▶ _PROBLEM DESCRIPTION_: Make an exact copy of the whole listing, but leave its pictures out.

▶ _DATA IN THIS EXERCISE_:
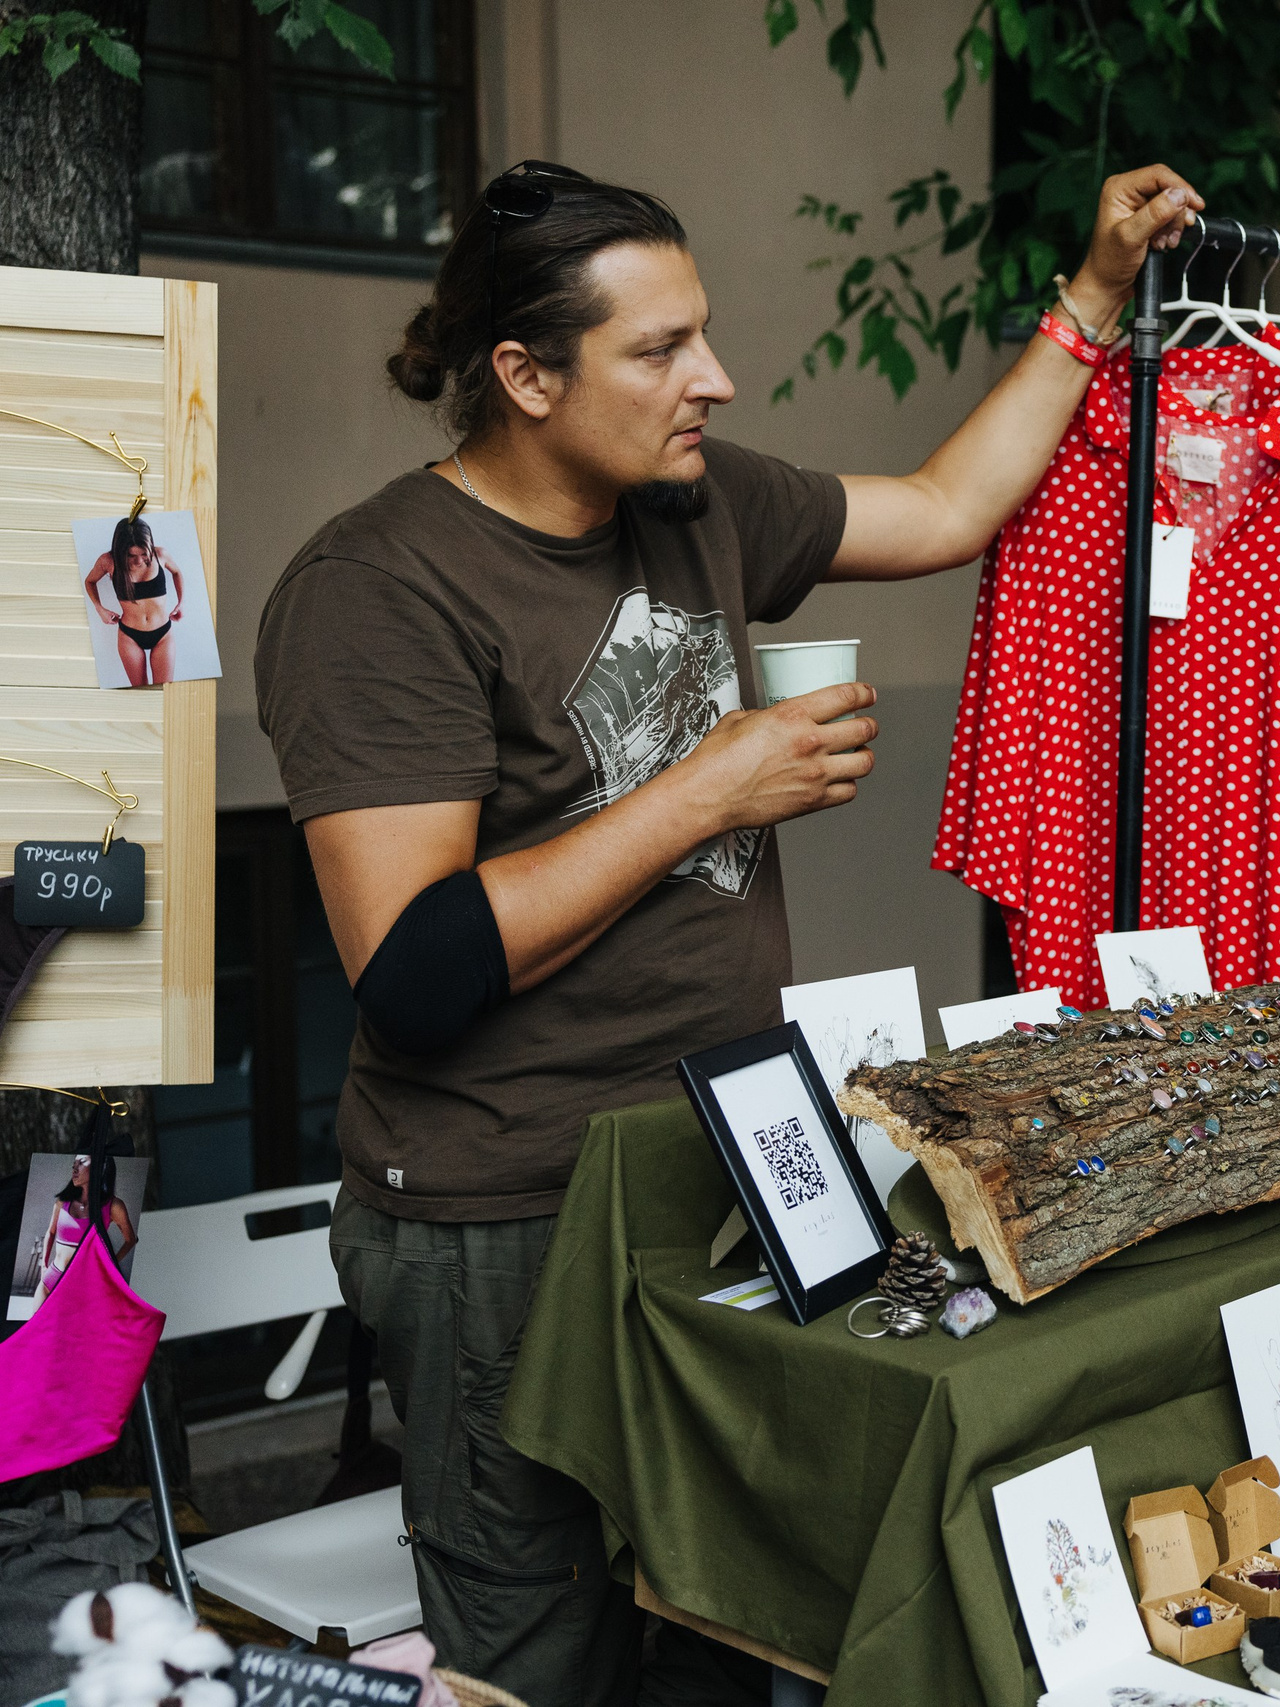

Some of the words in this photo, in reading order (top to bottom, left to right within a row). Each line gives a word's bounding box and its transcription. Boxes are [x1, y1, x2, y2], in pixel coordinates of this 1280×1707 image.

[566, 710, 584, 736] HUNTERS
[580, 736, 588, 745] BY
[584, 744, 597, 770] CREATED
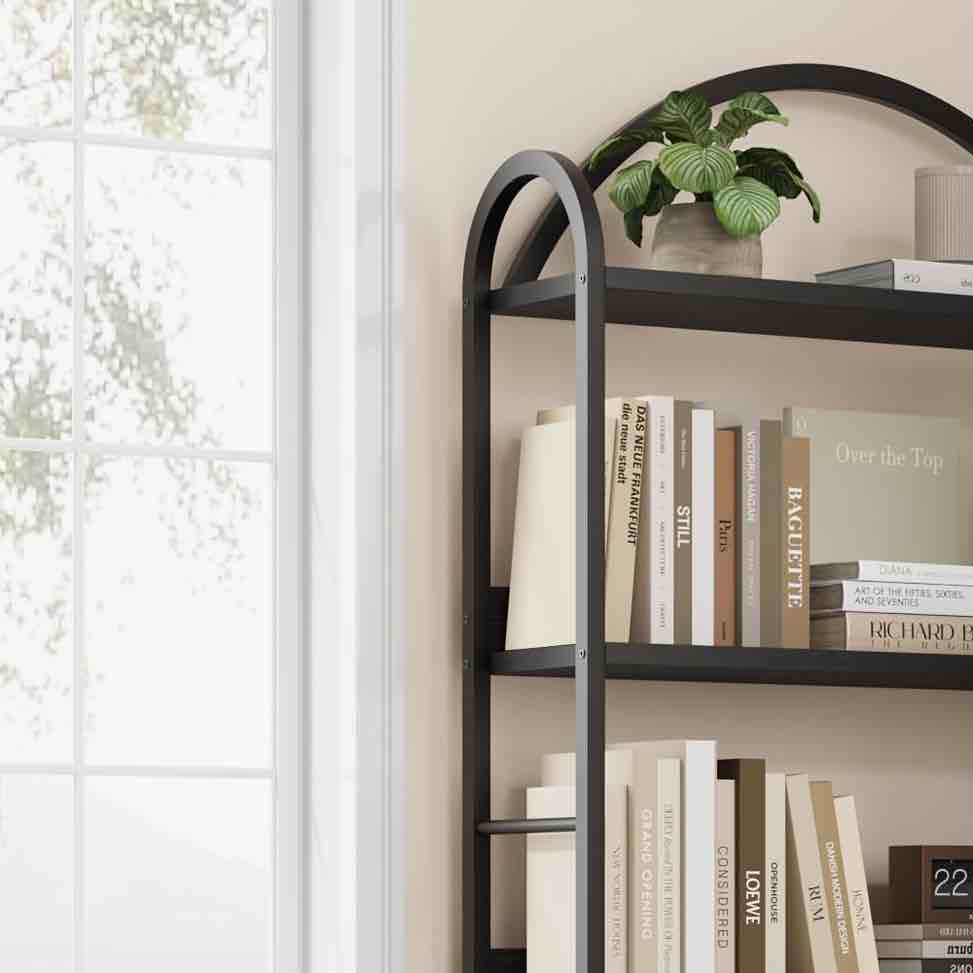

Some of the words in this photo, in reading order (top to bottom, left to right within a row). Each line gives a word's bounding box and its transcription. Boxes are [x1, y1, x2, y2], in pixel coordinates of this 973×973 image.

[621, 403, 633, 420] die
[636, 405, 648, 432] DAS
[616, 455, 628, 485] stadt
[632, 436, 645, 469] NEUE
[836, 441, 875, 465] Over
[880, 443, 905, 466] the
[911, 446, 945, 477] Top
[627, 472, 642, 545] FRANKFURT
[677, 505, 691, 549] STILL
[719, 520, 731, 553] Paris
[787, 486, 803, 609] BAGUETTE
[870, 620, 955, 641] RICHARD
[639, 808, 654, 864] GRAND
[716, 845, 730, 949] CONSIDERED
[745, 870, 761, 925] LOEWE
[769, 862, 779, 924] OPENHOUSE
[934, 868, 969, 896] 22
[639, 869, 654, 940] OPENING

▶ _EXERCISE RESULT_:
Some of the words in this photo, in reading order (top to bottom, left to right within a row). Each line gives a word's bounding box and its transcription. Boxes are [x1, y1, x2, y2], in pixel coordinates of this 1280×1707 image.

[566, 710, 584, 736] HUNTERS
[580, 736, 588, 745] BY
[584, 744, 597, 770] CREATED

Some of the words in this photo, in reading order (top to bottom, left to right within a row). Each line gives a word's bounding box and its transcription. Boxes are [x1, y1, x2, y2], in pixel coordinates of this 973×973 image.

[621, 403, 633, 420] die
[636, 405, 648, 432] DAS
[616, 455, 628, 485] stadt
[632, 436, 645, 469] NEUE
[836, 441, 875, 465] Over
[880, 443, 905, 466] the
[911, 446, 945, 477] Top
[627, 472, 642, 545] FRANKFURT
[677, 505, 691, 549] STILL
[719, 520, 731, 553] Paris
[787, 486, 803, 609] BAGUETTE
[870, 620, 955, 641] RICHARD
[639, 808, 654, 864] GRAND
[716, 845, 730, 949] CONSIDERED
[745, 870, 761, 925] LOEWE
[769, 862, 779, 924] OPENHOUSE
[934, 868, 969, 896] 22
[639, 869, 654, 940] OPENING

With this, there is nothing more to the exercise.